In another life, Dave Stewart once teamed with the icy, gorgeous Annie Lennox to form the top synth-pop band to come out of the U.K. in the early 1980s, the Eurythmics. “Sweet Dreams (Are Made of This)” still captures perfectly the shoulder-padded ’80s zeitgeist, but it’s exactly 30 years since that song was absolutely everywhere you turned and, of course, Stewart has moved on.

He’s 59 now and way busier than he ever was in his rock-star 20s. On his plate these days: producing albums for Stevie Nicks and Joss Stone; monitoring the huge success that is Ghost, his musical that’s packing them in at the Piccadilly Theatre in London’s West End; playing in SuperHeavy, the multicultural supergroup formed last May around himself, Mick Jagger, Joss Stone, Damian Marley (Bob’s kid) and Indian world music’s A.R. Rahman; and releasing his first solo album in a dozen years, the acclaimed Blackbird Diaries. And — just to throw another ball up there — there’s a semi-surreal film based on the Blackbird Diaries.

“And I have a whole other life going on, a family life,” says Stewart. “I have four children and a wife. I manage to get home about 7:30, 8, and have dinner and have weekends off, so I must be doing something right. I manage to do it OK.

“I have a staff; that’s probably the hidden solution. I have an office and a staff of about 16; it’s a full-on operation. I have four (film) editors alone who just do nothing but editing. I’m good at relinquishing control, but then choosing great people to relinquish it to.”

A world-class collaborator, Stewart is also a great facilitator. There was the time he was doing a video of Bob Dylan in London, who was playing the old Mississippi Sheiks standard, “Blood In My Eyes,” and he sensed Dylan wanted to work with a new band.

“And I suggested he should meet the Heartbreakers,” says Stewart. “So I had Tom Petty come around to my house, and I had George Harrison staying there. So Tom, George and Bob were all playing acoustic guitars outside in my garden, and from that, the Traveling Wilburys recorded their album, and there’s a documentary of them playing in my house and my garden.”

On his new Blackbird Diaries album — so-called because it was recorded at John McBride’s (Martina McBride’s husband) Blackbird studio in Nashville — there’s a song he wrote around the same time with Dylan called “Worth Waiting For.” He remembers they were in his kitchen, it was midnight, and there was a great deal of tequila involved.

Other guests on the Blackbird Diaries, recorded in five days last August, include Martina McBride, Stevie Nicks, the Secret Sisters and Colbie Caillat. From the Blackbird Diaries, today’s featured free download is Dave Stewart’s “A Beast Called Fame.”

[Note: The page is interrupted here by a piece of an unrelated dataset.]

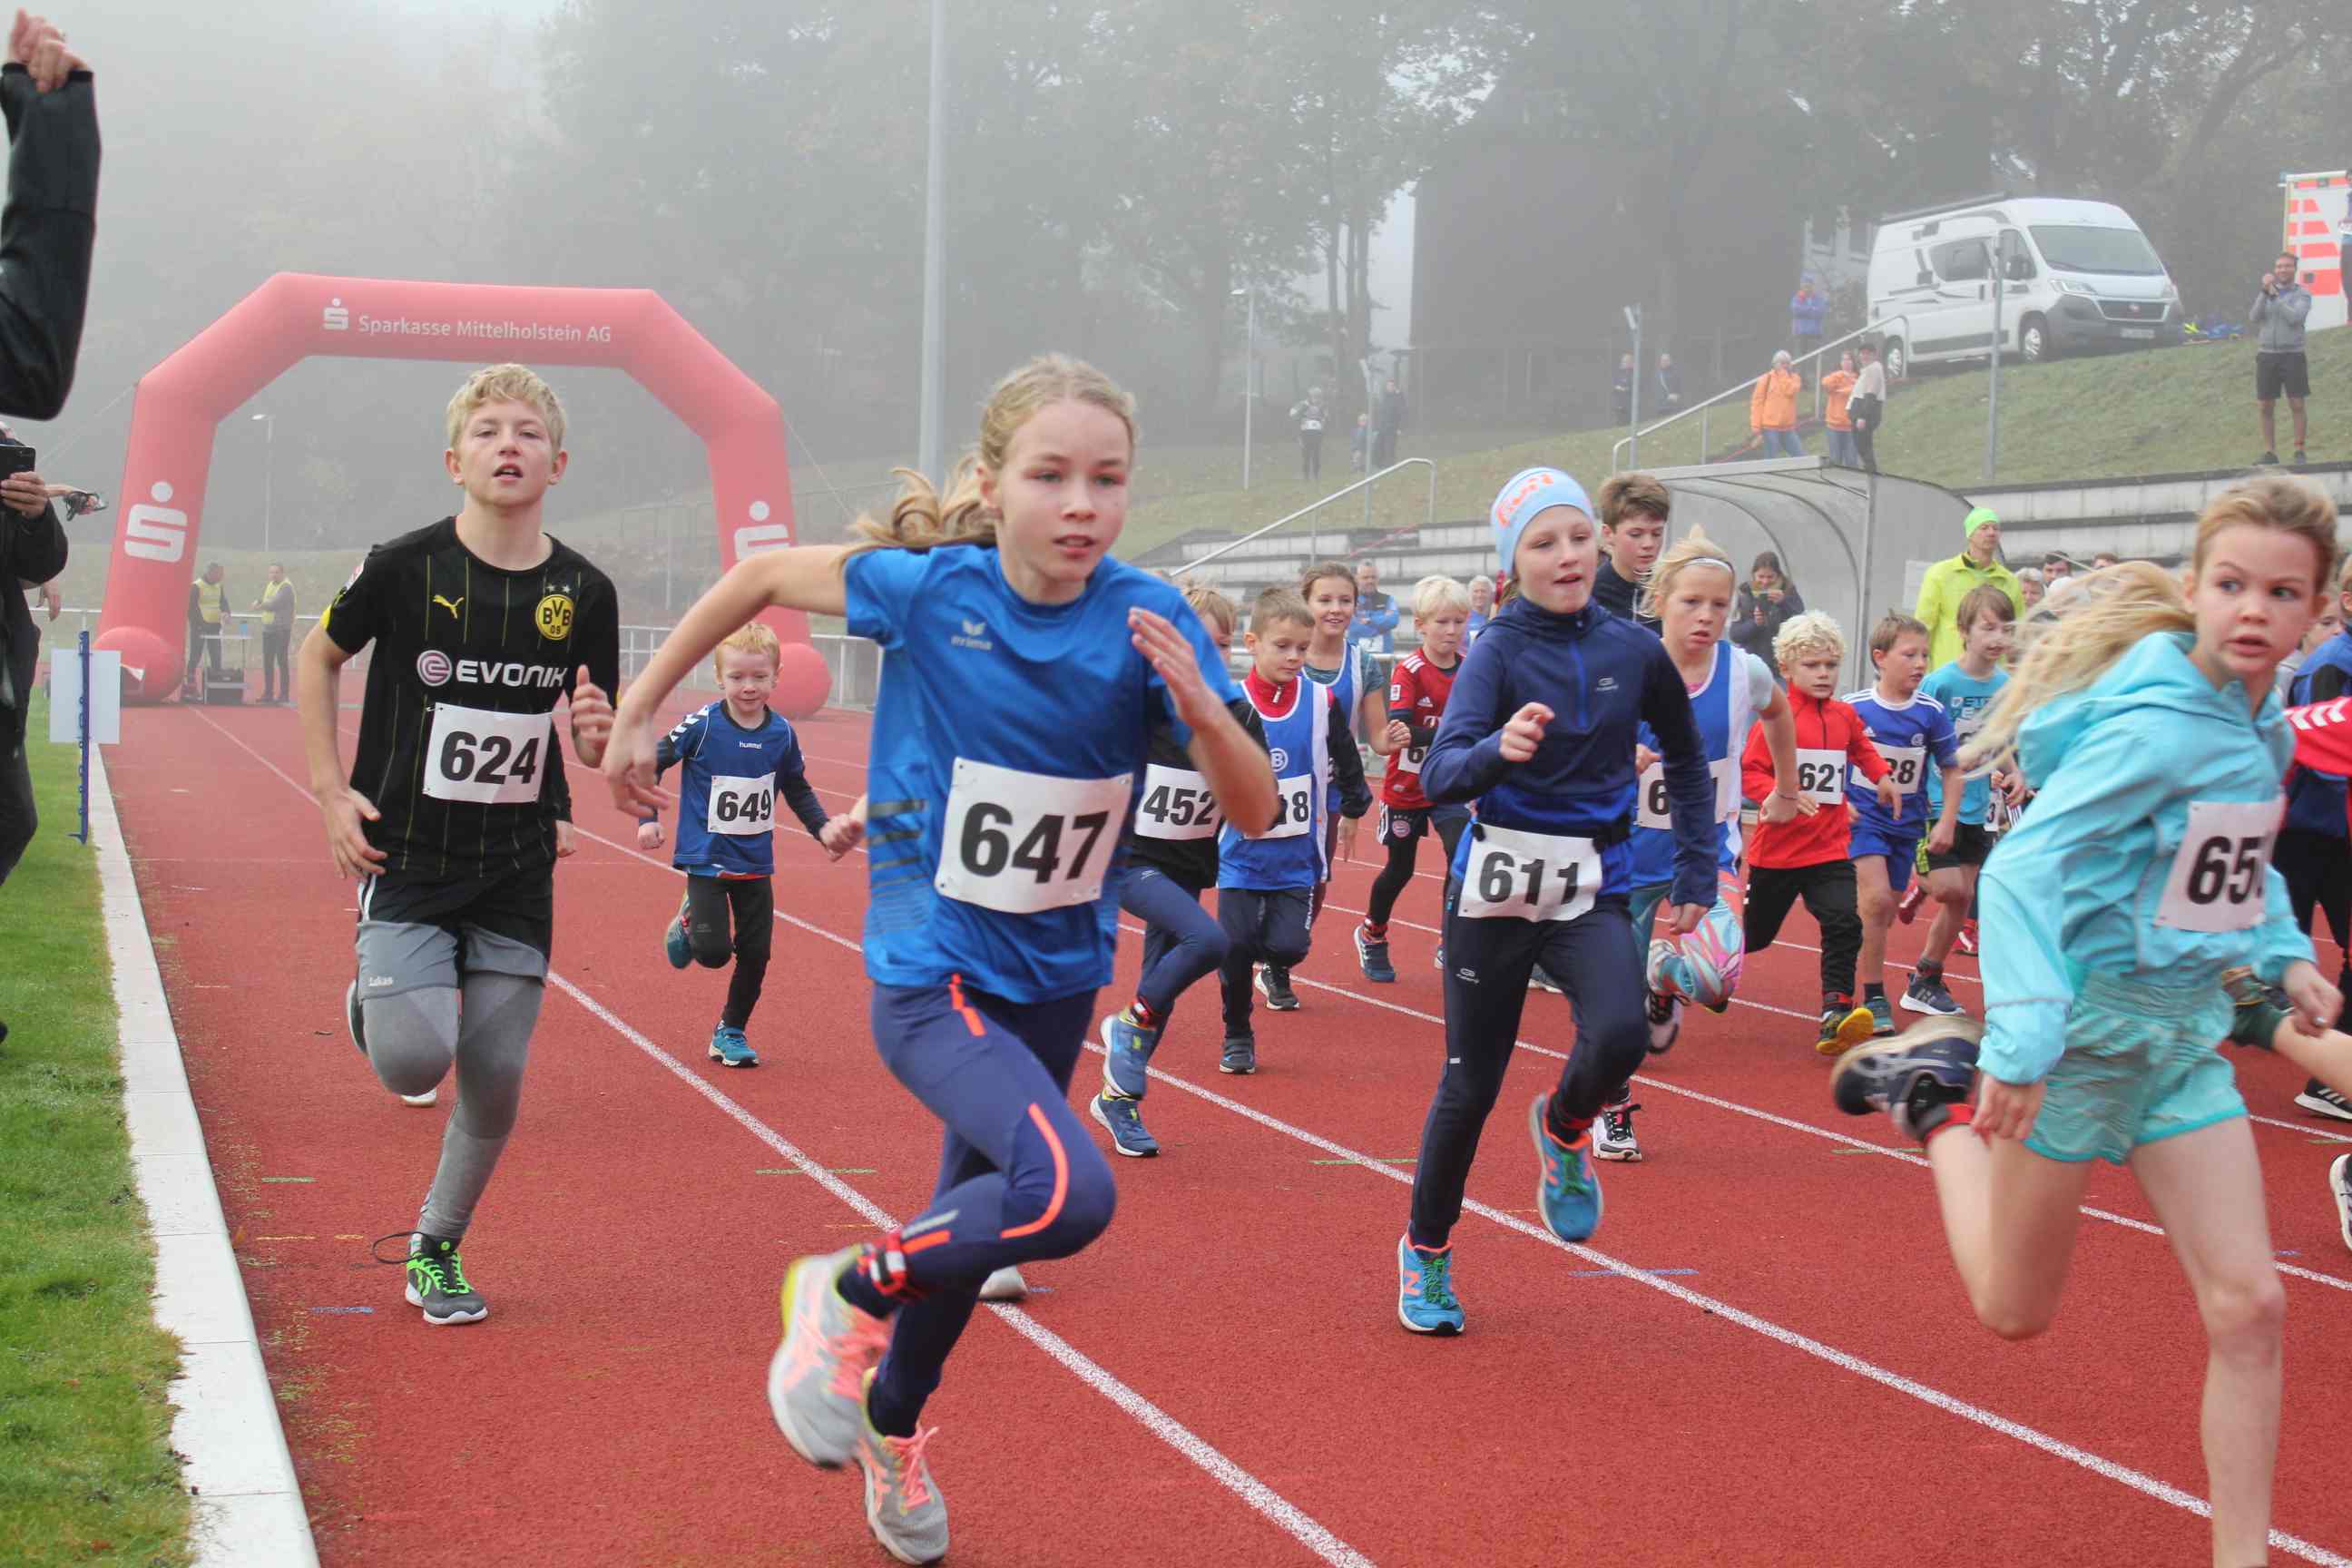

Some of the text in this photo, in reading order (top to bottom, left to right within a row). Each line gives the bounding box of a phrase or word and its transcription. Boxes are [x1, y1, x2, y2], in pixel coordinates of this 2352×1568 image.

“I was singing about Annie (Lennox) and (me). I put it in the context of two kids on the run,” says Stewart. “We exploded so big and before that, we’d lived together for four of five years as a couple. Then we broke up and became huge. In one of the lines I wrote, ‘We felt hounded, just like Bonnie and Clyde, who looked at each other just before they died.’ I remember Annie and I had a similar look on stage in a huge stadium with the crowd going bananas. It’s the most epic, exciting, but scary moment.

“Fame is a huge beast. It’s like being in the Olympic Games: You don’t think about it; you just want to be the best runner. But then, when you get there, you deal with all this other stuff that you weren’t expecting. It’s a lot to deal with, and some people can’t deal with it, they just freak out. There are so many mistakes you can make.”